Mes chers compatriotes,

Président de la République, j'ai l'impérieux devoir de préserver, en toutes circonstances, l'unité nationale, le respect de la Constitution, le fonctionnement des pouvoirs publics, la continuité de l'Etat.

C'est parce que vous m'avez confié cette haute responsabilité que je m'adresse à vous ce soir.

Dans un pays comme le nôtre, où toutes les libertés sont assurées, où aucune n'est menacée, où plusieurs ont été étendues ou conquises au cours de ces dernières années, je cherche, en dépit des campagnes outrancières dirigées contre ceux qui nous gouvernent, à définir les voies et les moyens d'un dialogue fructueux entre tous ceux qui, opposés dans leurs conceptions, sont demeurés capables de respecter ensemble les règles de la démocratie. Je pense en particulier au débat engagé sur l'école.

Qu'il soit bien clair que je ne considère pas qu'il soit illégitime ou choquant qu'ici ou là on ait songé à soumettre au référendum les nouvelles dispositions sur l'école, voulues par le Gouvernement. Ces dispositions traitent, en effet, d'un problème suffisamment important pour que la souveraineté nationale puisse s'exprimer de cette façon, à ce sujet. Encore faut-il que les institutions l'autorisent.

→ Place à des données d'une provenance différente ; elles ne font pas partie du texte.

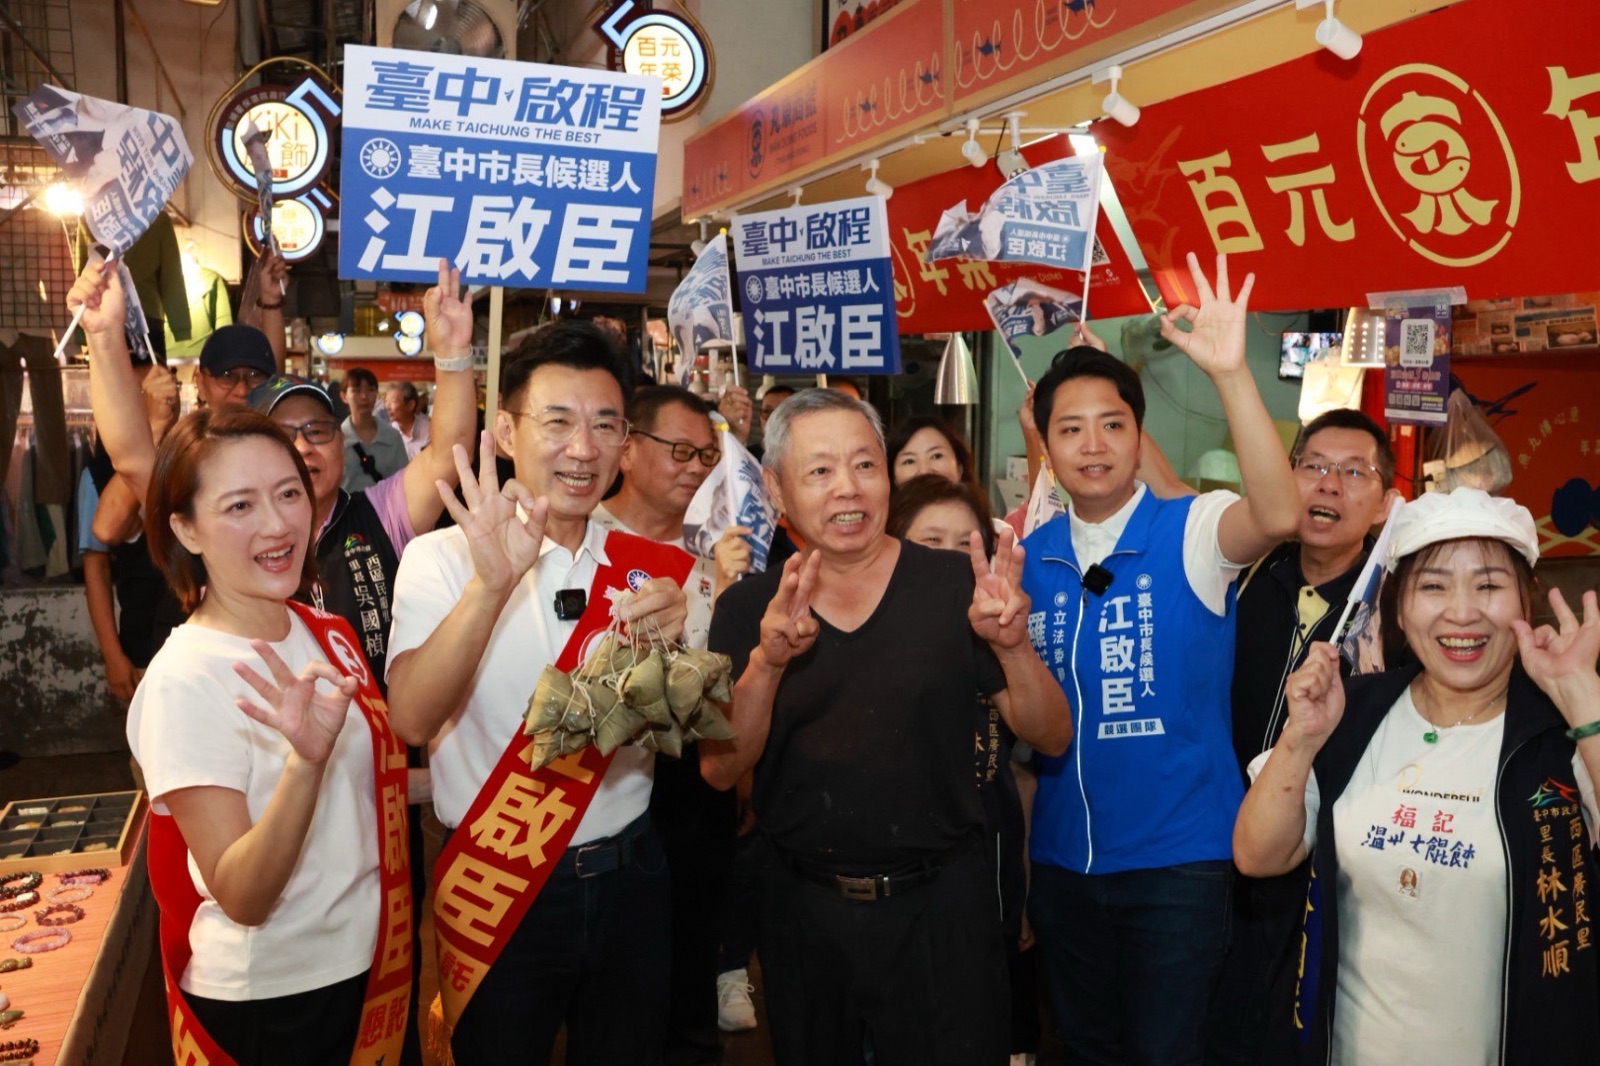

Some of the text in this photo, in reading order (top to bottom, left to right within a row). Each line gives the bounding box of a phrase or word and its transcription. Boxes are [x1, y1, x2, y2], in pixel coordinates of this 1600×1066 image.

Dans l'état présent de notre droit, ce n'est pas Ie cas, et l'Assemblée nationale a eu raison de rejeter la récente proposition de référendum formulée par Ie Sénat.

Je dois dire à cet égard que, bien avant 1981, je me suis personnellement prononcé, à diverses reprises, en faveur de l'élargissement du domaine du référendum, limité trop strictement par l'article 11 de la Constitution à l'organisation des pouvoirs publics et à certains traités internationaux.

Dans la plupart des familles politiques de la majorité ou de l'opposition, d'autres que moi ont pris des positions voisines, voire analogues.

Je pense donc que le moment est venu d'engager la révision constitutionnelle qui permettra au Président de la République, lorsqu'il le jugera utile et conforme à l'intérêt du pays, de consulter les Français sur les grandes questions qui concernent ces biens précieux, inaliénables que sont les libertés publiques, et c'est le peuple qui tranchera.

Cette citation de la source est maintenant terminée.